During the 1960s and 1970s, the fluoridation of water supplies in the United States reduced dental caries prevalence considerably.1 In the 1970s and 1980s, the almost universal use of fluoride-containing dentifrices brought further reductions in decay.2 During this same period, the acceptance of fluoride and remineralization in the dental office, together with fluoride topicals and sealant applications, made a major impact. However, we all know that millions of hours are spent annually in the United States placing restorations to “fix” caries.
Many people continue to get caries and some children and adults have a continual caries problem in spite of our preventive efforts.3,4 In these high risk individuals, we need to deal with the bacterial infection if the preventive measures are to be effective. We need a paradigm shift in our approach.
The primary requirement for dental decay is the presence of acid-producing (acidogenic) bacteria. The bacteria need a substrate of fermentable carbohydrates to feed on to produce the acids that dissolve our tooth mineral.5,6 Certain species of bacteria have gone in and out of favor as the culprit over recent decades. It is now well established that multiple species are involved. We have all heard of Steptococcus mutans and, during the 1980s, this was proposed as the only causative agent by several sources.6 Efforts were considerable in studying this species and its many strains, in finding a vaccine, genetically altering the species, and trying to find ways to eliminate it.7
The key point, however, is that multiple species are involved, especially the mutans streptococci group and the lactobacillus species.5,8The mutans streptococci group includes several species of which S. mutans and S. sobrinus are the two most common that appear in human plaque. S. sobrinus does not occur as commonly as S. mutans but when it does, it is associated with high caries individuals.
Several lactobacillus species are associated with dental caries—both coronal and root caries. It was previously thought that lactobacilli colonized when cavities had already formed but several clinical studies have shown that lactobacilli are strongly associated with caries progression before the observation of cavities.5,8 Further, in patients with cavities, the lactobacilli are present in the remainder of the mouth after restorations are completed and continue to thrive and produce acids to cause future caries. These acidogenic bacteria only occupy about 1% or less of the total flora in the plaque. That such a small fraction of the bacteria present can cause such major problems is amazing.

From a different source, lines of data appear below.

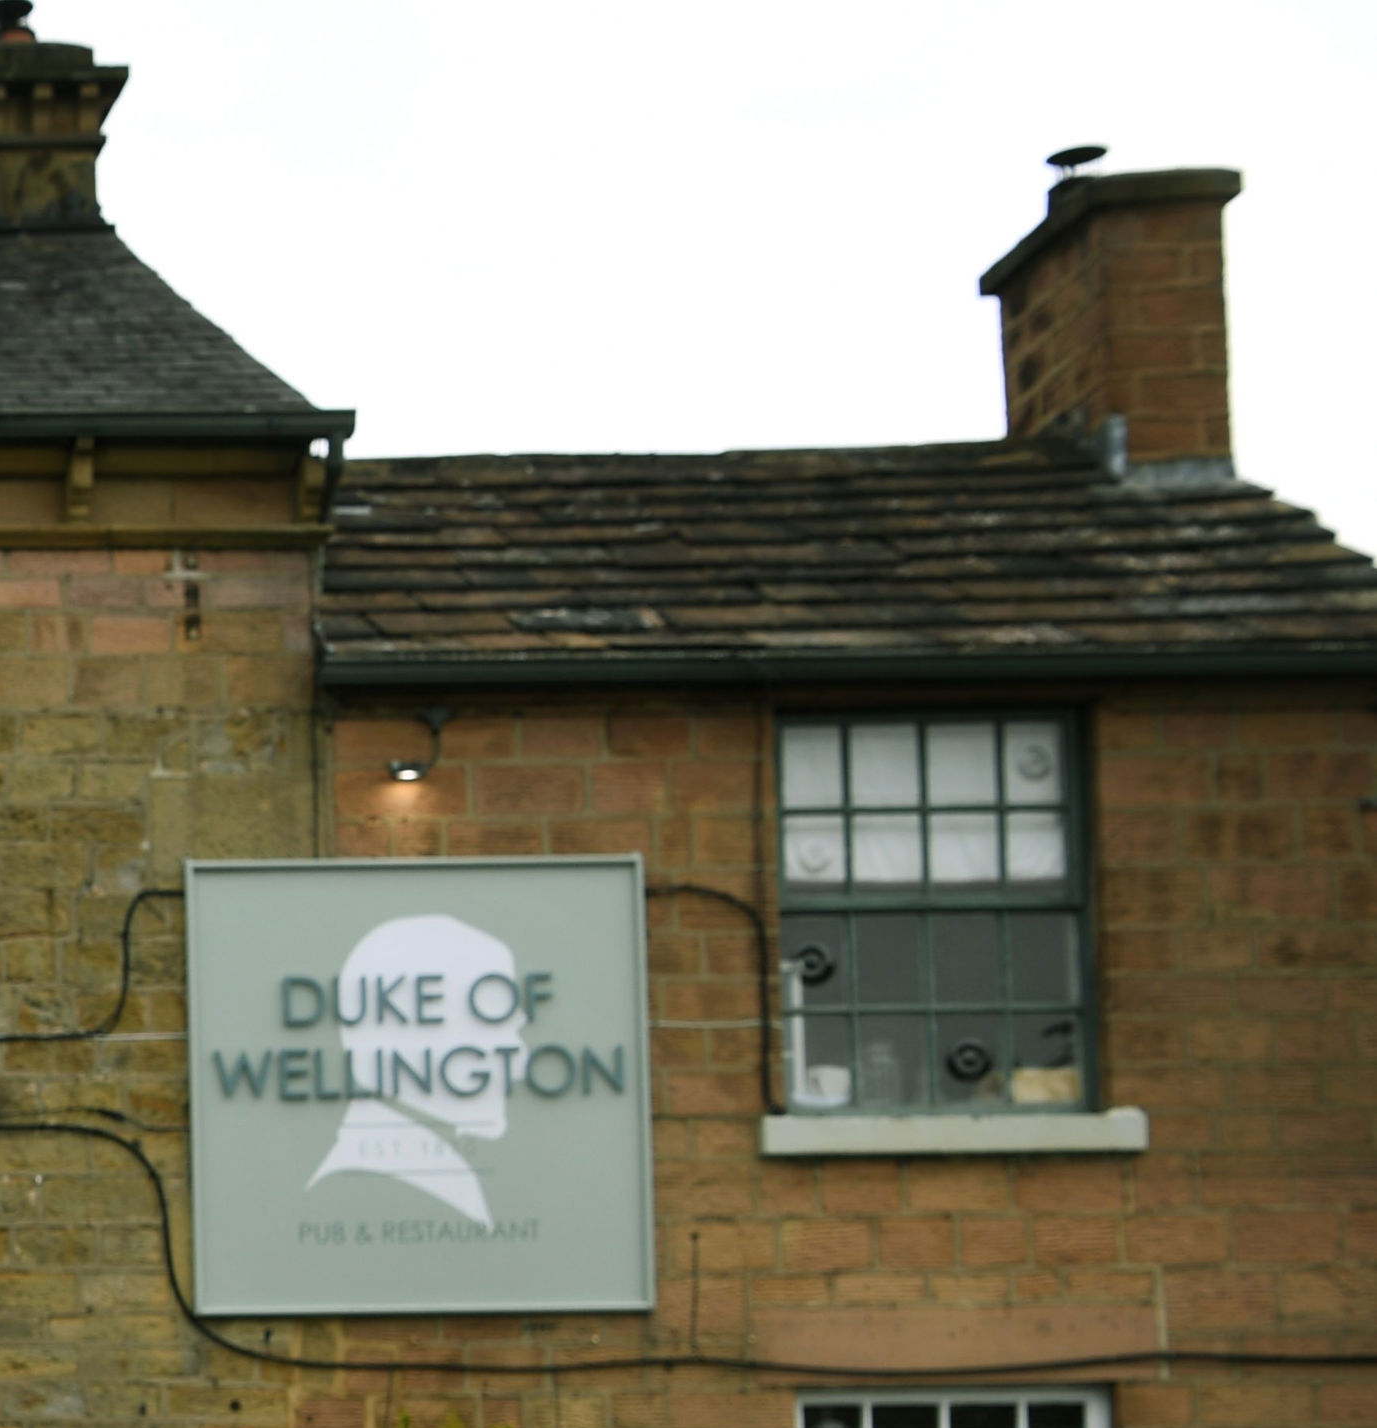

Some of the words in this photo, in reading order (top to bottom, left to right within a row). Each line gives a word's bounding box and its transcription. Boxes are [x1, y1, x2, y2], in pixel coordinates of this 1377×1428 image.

[280, 974, 445, 1030] DUKE
[466, 972, 553, 1024] OF
[212, 1043, 625, 1103] WELLINGTON
[298, 1222, 347, 1244] PUB
[355, 1222, 373, 1242] &
[383, 1218, 540, 1243] RESTAURANT

The progression of caries.
The bottom line is that multiple species of acidogenic bacteria cause dental caries and the predominant groups identified so far are the mutans streptococci and the lactobacilli. Actinomyces species and some yeasts have also recently been suggested. From a practical therapeutic perspective, this means we need to use a broad spectrum antibacterial to reduce or eliminate these acidogenic bacteria in order to control caries in patients with a high bacterial loading.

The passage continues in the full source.